Tratamento com anticorpos COVID-19 da Regeneron autorizado para injeção




Um cientista trabalha no Laboratório de Doenças Infecciosas da Regeneron Pharmaceuticals, no estado de Nova York, para esforços em um coquetel experimental de anticorpos contra o vírus CCP, nesta imagem não datada de vídeo fornecido pela empresa em 2 de outubro de 2020. (Regeneron via AP)

A Regeneron anunciou na sexta-feira que a Food and Drug Administration (FDA) está permitindo uma dose menor de seu tratamento do vírus CCP para injeção.

A aprovação vem como uma atualização da autorização de uso emergencial (EUA) da FDA para o coquetel de anticorpos da empresa para tratar o COVID-19, a doença causada pelo vírus CCP (Partido ComunistaChinês). O tratamento está disponível nos EUA desde novembro passado para aqueles recentemente diagnosticados com COVID-19.

A FDA autorizou em novembro uma dose de 2.400 mg do coquetel de anticorpos REGEN-COV — uma combinação dos anticorpos monoclonais casirivimab e imdevimab — a ser administrada como uma única dose injetada diretamente em uma veia para pacientes COVID-19 não hospitalizados.

Como parte do EUA atualizado, o REGEN-COV é aprovado para injeção "quando a infusão iv não é viável e levaria a um atraso no tratamento".

A nova dose autorizada para injeção e infusão intravenosa seria de 1.200 mgs (600 mg casirivimab e 600 mg imdevimab)— metade da dose originalmente autorizada. A mudança significa que mais doses estarão disponíveis para pacientes sob o contrato da empresa com o governo dos EUA.

A Regeneron anunciou recentemente que seu estudo fase 3 mostrou que sua droga reduziu o risco de hospitalização ou morte em 70% em pacientes de alto risco com sintomas leves a moderados de COVID-19. O estudo também mostrou que o efeito do tratamento foi consistente entre 1.200 mgs e 2.400 mgs de doses.

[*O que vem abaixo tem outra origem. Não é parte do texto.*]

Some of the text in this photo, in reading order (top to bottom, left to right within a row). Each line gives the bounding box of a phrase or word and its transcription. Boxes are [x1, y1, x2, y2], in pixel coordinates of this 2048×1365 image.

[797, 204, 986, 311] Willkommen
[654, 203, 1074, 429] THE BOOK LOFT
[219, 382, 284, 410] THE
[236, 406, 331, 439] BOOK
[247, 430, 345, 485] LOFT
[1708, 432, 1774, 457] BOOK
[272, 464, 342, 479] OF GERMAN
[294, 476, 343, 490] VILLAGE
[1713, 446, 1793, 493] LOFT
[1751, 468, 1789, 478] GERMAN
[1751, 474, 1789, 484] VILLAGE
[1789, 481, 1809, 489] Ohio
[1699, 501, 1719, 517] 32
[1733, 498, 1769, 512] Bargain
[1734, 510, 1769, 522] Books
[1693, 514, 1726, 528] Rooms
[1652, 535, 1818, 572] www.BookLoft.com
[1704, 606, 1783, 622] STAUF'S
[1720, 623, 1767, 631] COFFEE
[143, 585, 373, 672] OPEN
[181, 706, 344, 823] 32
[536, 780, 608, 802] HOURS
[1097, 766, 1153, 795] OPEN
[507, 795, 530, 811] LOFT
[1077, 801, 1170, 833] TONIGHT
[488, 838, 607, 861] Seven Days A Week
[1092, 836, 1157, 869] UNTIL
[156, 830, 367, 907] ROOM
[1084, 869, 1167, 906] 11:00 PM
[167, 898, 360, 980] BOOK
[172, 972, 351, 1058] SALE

A autorização atualizada(pdf)permite que a droga seja combinada em um único frasco para injeção, embora ainda possa ser administrada através de frascos individuais separados.

"Apesar do aumento do uso de vacinas, milhares de pacientes ainda estão sendo infectados nos EUA todos os dias, com muitos em alto risco de complicações graves do COVID-19", disse George Yancopoulos, presidente e diretor científico da Regeneron, em comunicado. "Infelizmente, até o momento, apenas uma fração de pacientes elegíveis para tratamentos de anticorpos os recebeu, o que esperamos mudar com base nesta autorização atualizada da FDA."

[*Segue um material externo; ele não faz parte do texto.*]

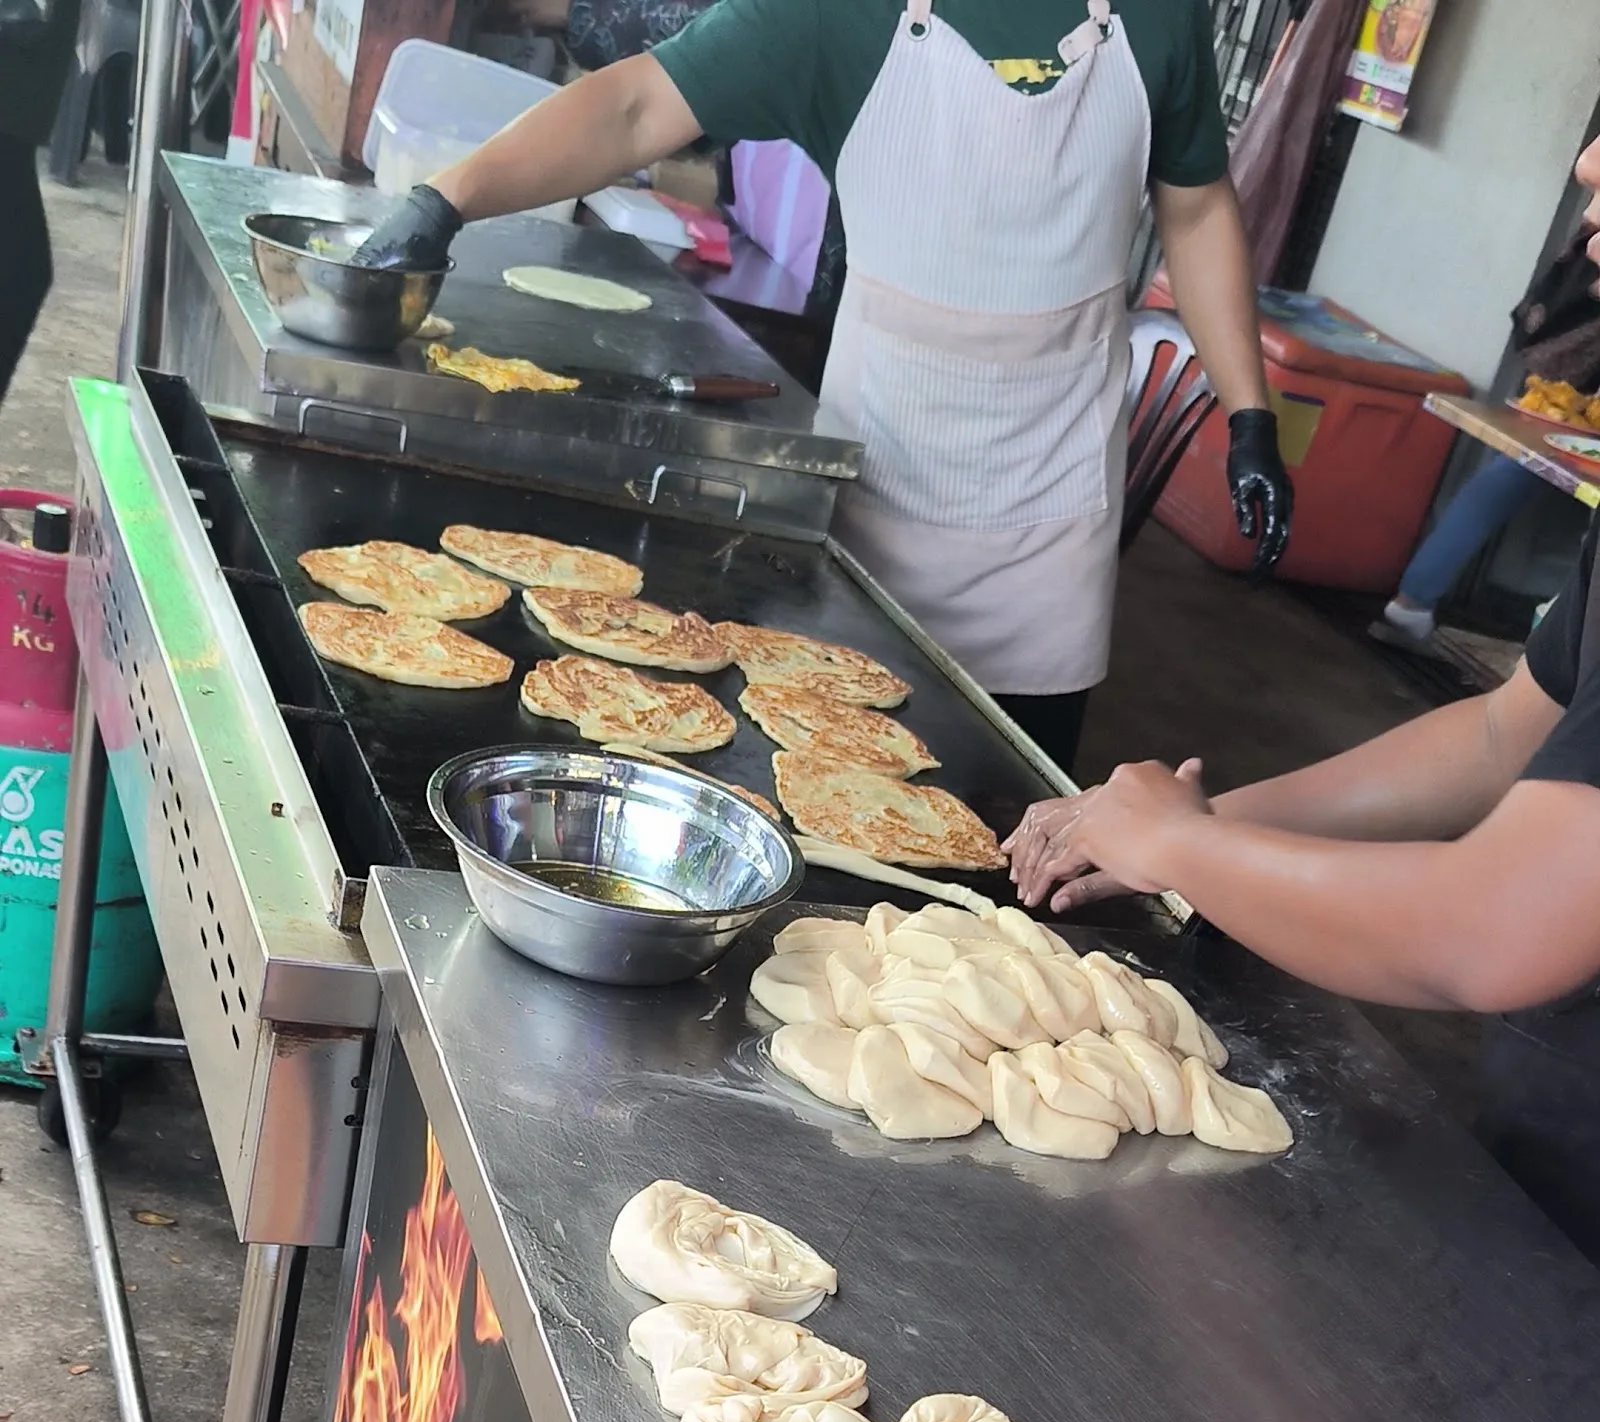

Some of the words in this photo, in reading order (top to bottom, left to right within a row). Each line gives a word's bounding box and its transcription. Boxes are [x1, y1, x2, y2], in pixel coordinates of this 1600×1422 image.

[17, 591, 56, 626] 14
[13, 624, 54, 652] KG
[0, 826, 65, 860] AS

"O REGEN-COV está prontamente disponível e fornecido gratuitamente pelo governo dos EUA", acrescentou. "A REGEN-COV também demonstrou potência contra as principais variantes de preocupação até agora in vitro e é a única terapia de anticorpos atualmente disponível em todo os EUA, inclusive em estados onde variantes identificadas pela primeira vez no Brasil e na África do Sul estão circulando a uma taxa mais alta."

De acordo com o Wall Street Journal,aterapia da Regeneron foi subusada em parte porque nem todas as clínicas e hospitais estão equipados para administrar infusões intravenosas. O jornal informou em dezembro de 2020 que alguns médicos não estavam confortáveis em prescrever o coquetel de anticorpos, dizendo que requer um estudo mais aprofundado, pois é novo. Eles também tiveram dificuldade em escolher quais pacientes potencialmente se beneficiariam da droga. Além disso, alguns pacientes recusaram a terapia, pois não conseguiram tempo para as duas horas necessárias para administração e monitoramento.

A Regeneron anunciou que espera entregar pelo menos 1 milhão de doses de seu coquetel de anticorpos ao governo federal até 30 de junho, acrescentando que o governo pode aceitar doses adicionais de até 1,25 milhão de doses até setembro.

Anticorpos monoclonais são proteínas criadas em laboratório que imitam anticorpos naturais que o corpo produz para combater patógenos nocivos, como o vírus CCP.

Outras empresas também têm desenvolvido anticorpos, incluindo Eli Lilly, que havia recebido um EUA em fevereiro. A distribuição da droga da empresa parou a partir do final de maio em oito estados, onde os casos de certas variantes COVID-19 estão aumentando. Evidências sugerem que a formulação de anticorpos Delíso é ineficaz contra tais variantes, anunciouo Departamento de Saúde e ServiçosHumanos.

Outra droga anticorpo da Vir Biotechnology e glaxoSmithKline, administrada através de infusão intravenosa, recebeu autorização da FDA no final do mês passado.